I am feeling like im not making to much progress in my life right now. I have undergone this change in which I am trying to clean and organize things in my life. But it seems like every time I make the slightest bit of progress, I back slide. I have resolved to try and keep moving forward regardless of personal self sabotage.
I have a goal in mind and though it seems like nothing to many people for me it’s a large step. I want to eventually have my home nice and clean and put together so that I can start having people over, and it look nice and organized. I also have been lacking on my updates both here on the blog and the YouTube channel but well I cant do it all at the same time and have to allocate my energies. My over all end result is that by this time next year, I am hoping to have everything in place to maybe start dating again.
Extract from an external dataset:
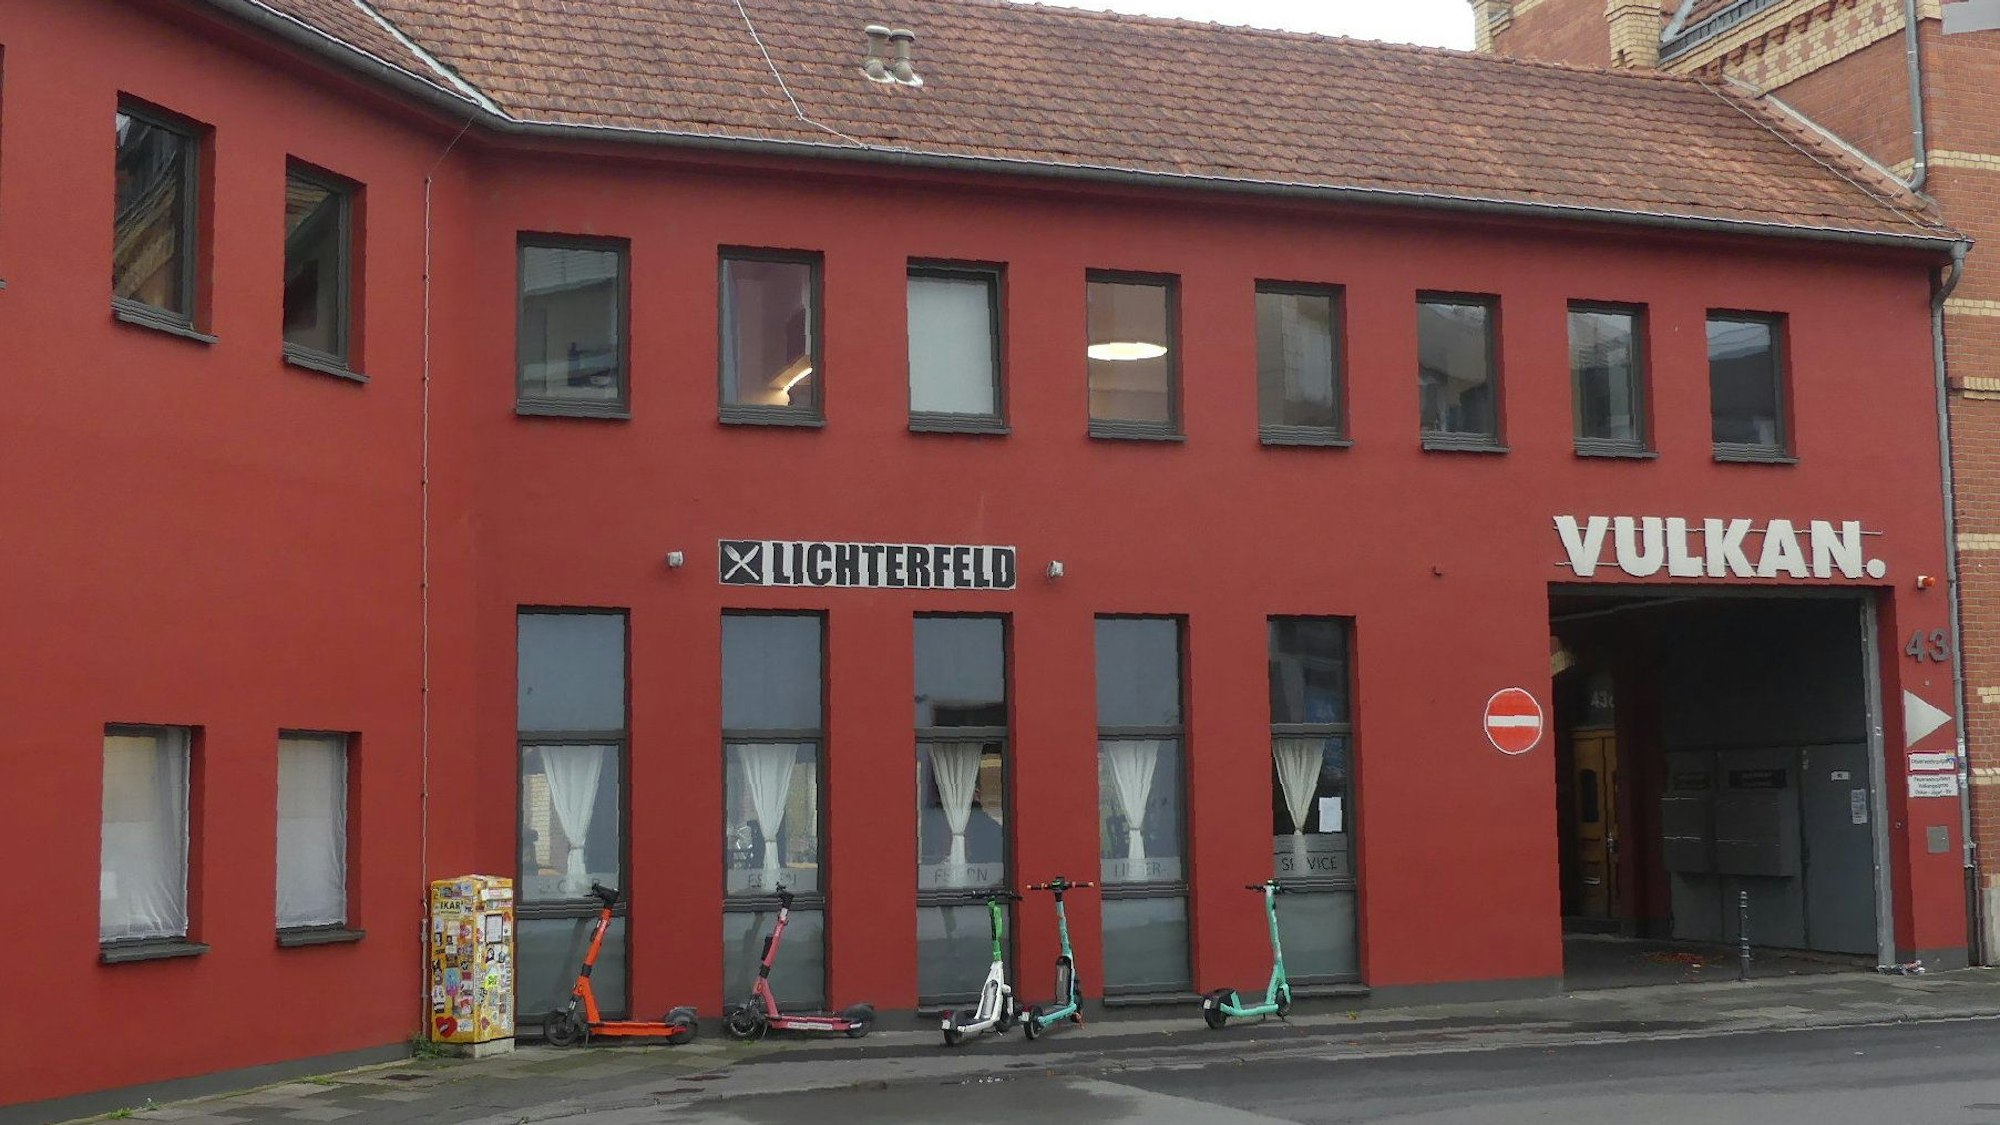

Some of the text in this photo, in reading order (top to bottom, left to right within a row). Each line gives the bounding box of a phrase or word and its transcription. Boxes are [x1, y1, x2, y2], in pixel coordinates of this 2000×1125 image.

[772, 541, 1015, 589] LICHTERFELD
[1553, 515, 1886, 579] VULKAN.
[1905, 628, 1950, 662] 43
Which is something else that I am struggling with.
I have been single and celibate for almost 10 years now, and where I am happy being on my own, I am finding that there is a lack in my life that may be filled by having someone there. Another one of my projects that I am hoping on beginning is writing. I have wanted to author a book for a long time and feel that I may be at a point here very soon to start scribing those pages. However, I am not sure the topic as of yet. I am not sure if I want to write some fiction, a self help book, a new age inspired book, or what.
I have been inspired lately so I guess I should take that inspiration and run with it. Might be something that I can co-author, I don’t know. But with the world of desktop publishing and e-reader’s and the like, it shouldn’t be to hard to get published. No the hard part is the resolve and dedication and the focus to actually bang out a book.
Well for fear of rambling I am going to stop here for now.